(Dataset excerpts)
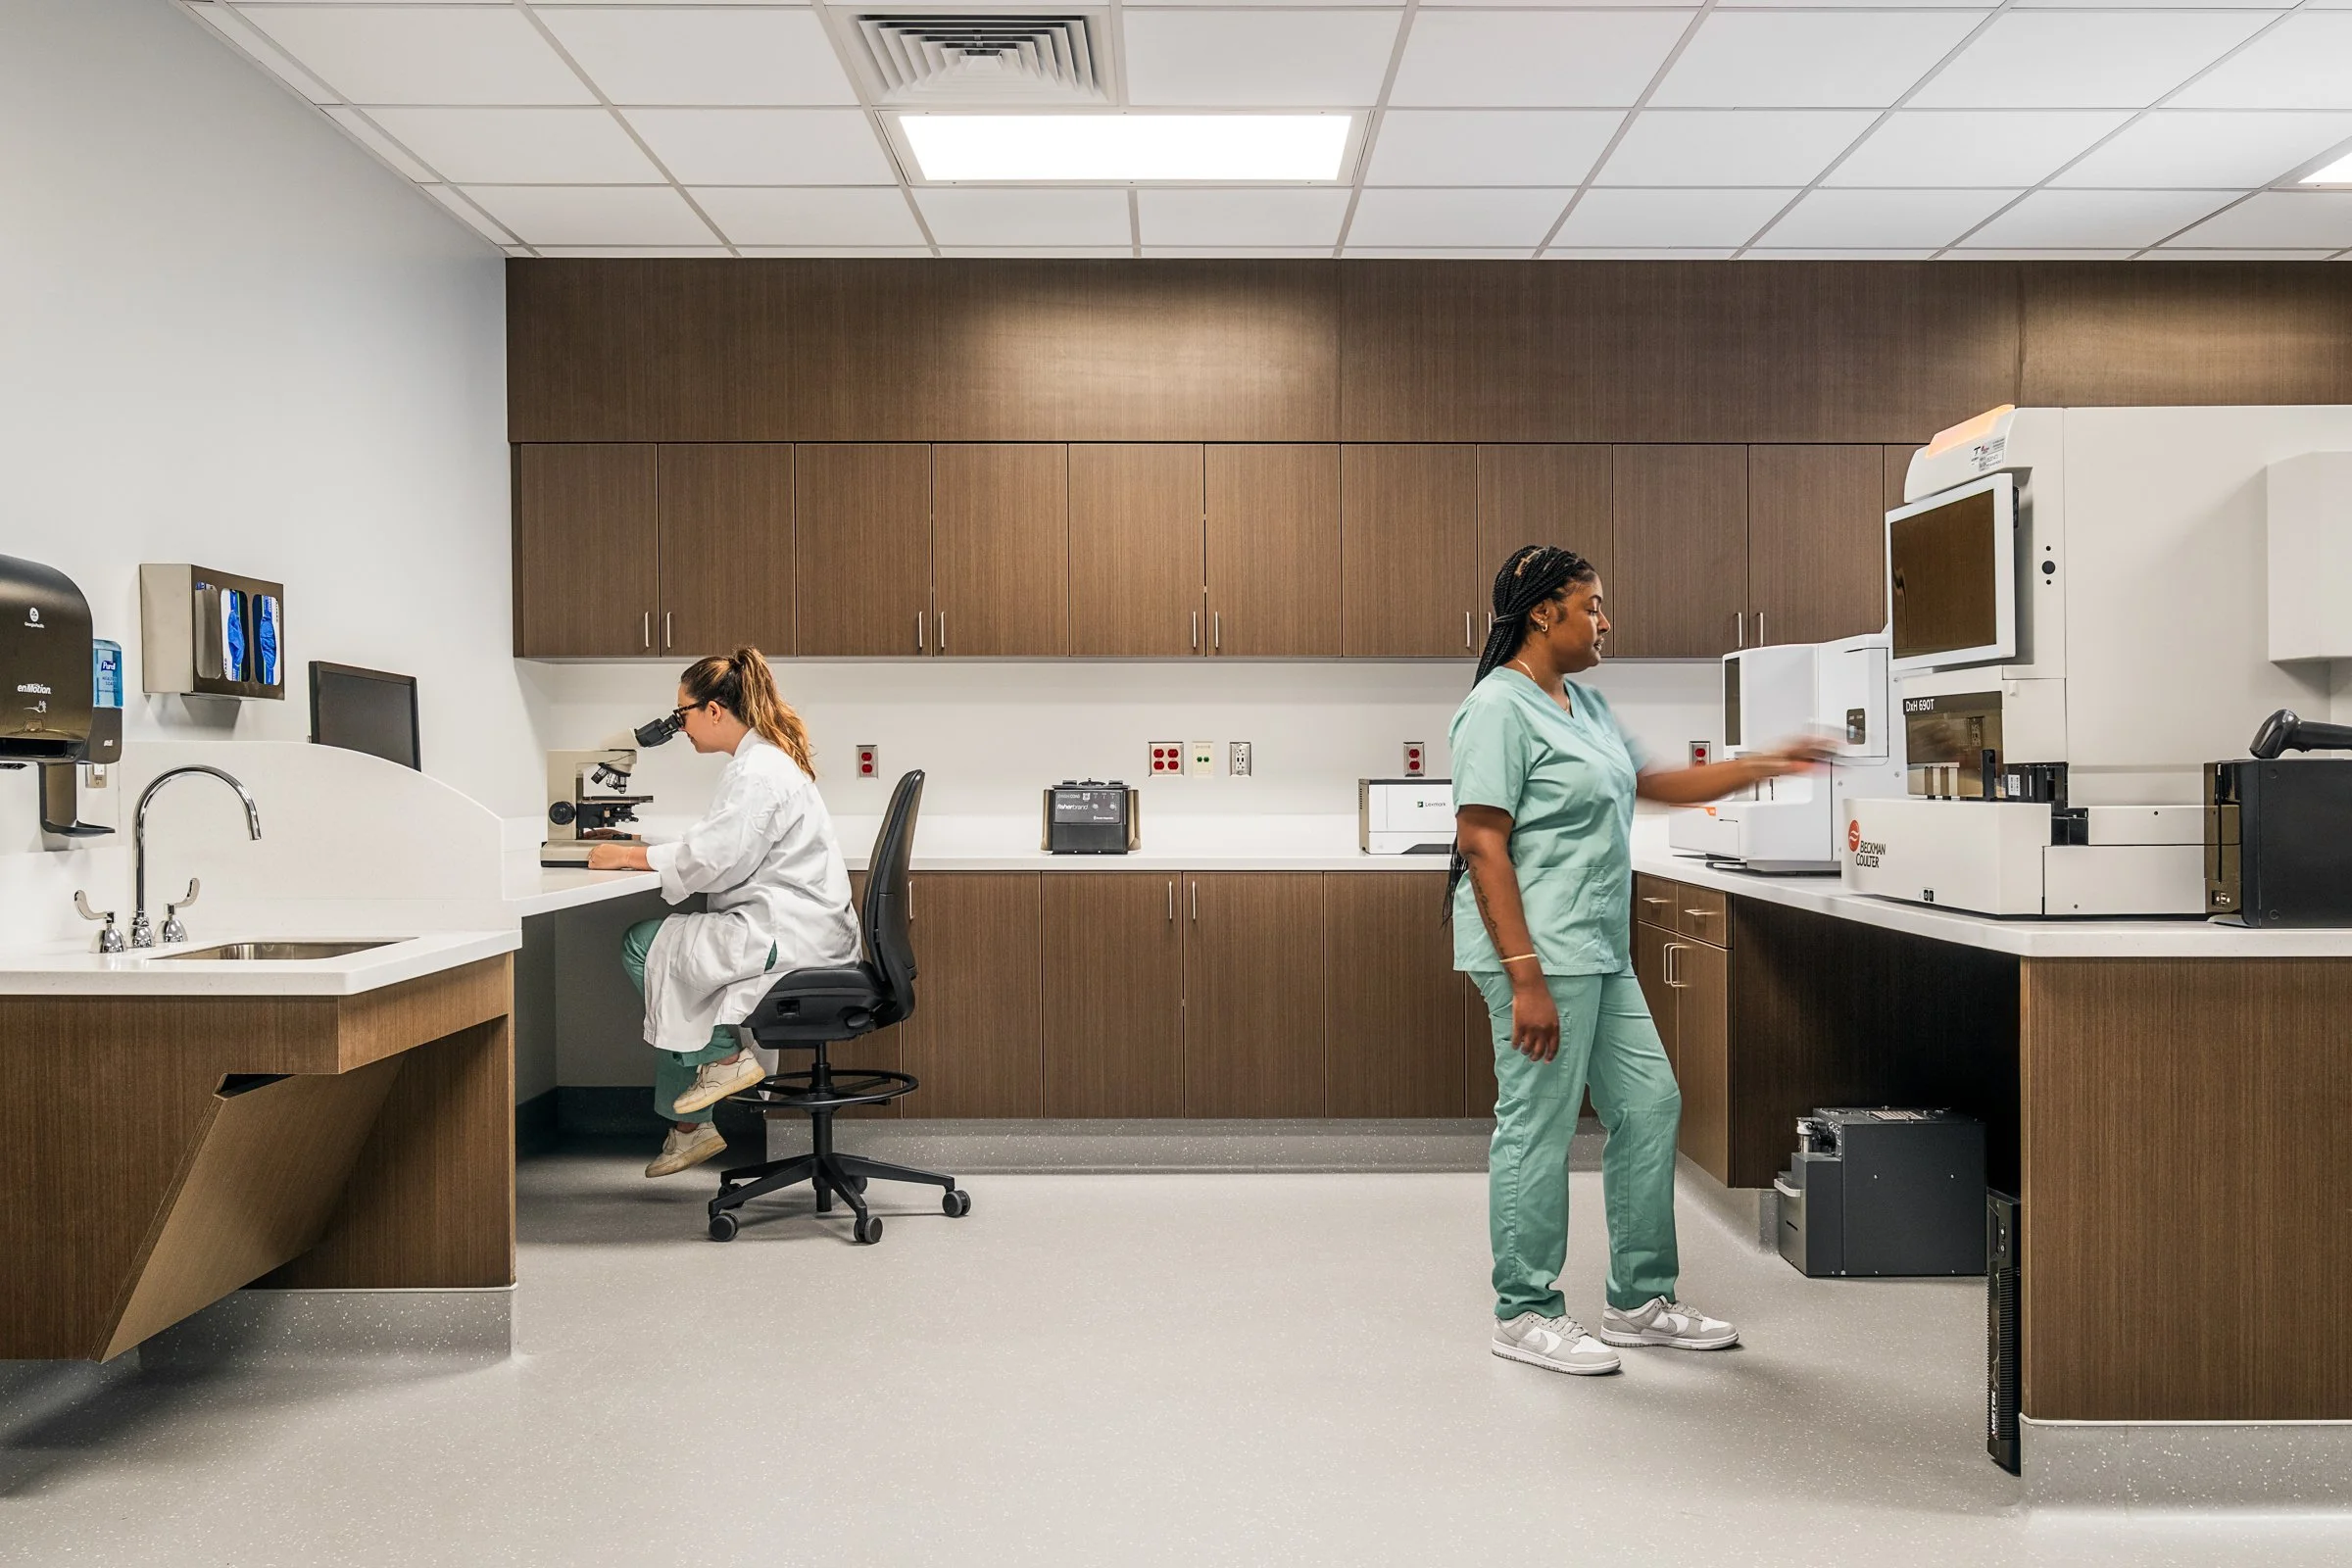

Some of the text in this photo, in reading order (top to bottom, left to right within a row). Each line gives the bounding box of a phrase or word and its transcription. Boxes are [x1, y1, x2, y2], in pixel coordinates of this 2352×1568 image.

[17, 683, 52, 694] enMotion
[1906, 699, 1935, 711] DxH 690T
[1860, 840, 1886, 855] BECKMAN
[1855, 853, 1879, 868] COULTER

* **WORK ORDER**
With the pictures left out, return each entry exactly as written.

* **TASK ANSWER**
Some of the text in this photo, in reading order (top to bottom, left to right within a row). Each line gives the bounding box of a phrase or word and its transcription. Boxes are [x1, y1, x2, y2], in pixel coordinates of this 2352×1568 image.

[17, 683, 52, 694] enMotion
[1906, 699, 1935, 711] DxH 690T
[1860, 840, 1886, 855] BECKMAN
[1855, 853, 1879, 868] COULTER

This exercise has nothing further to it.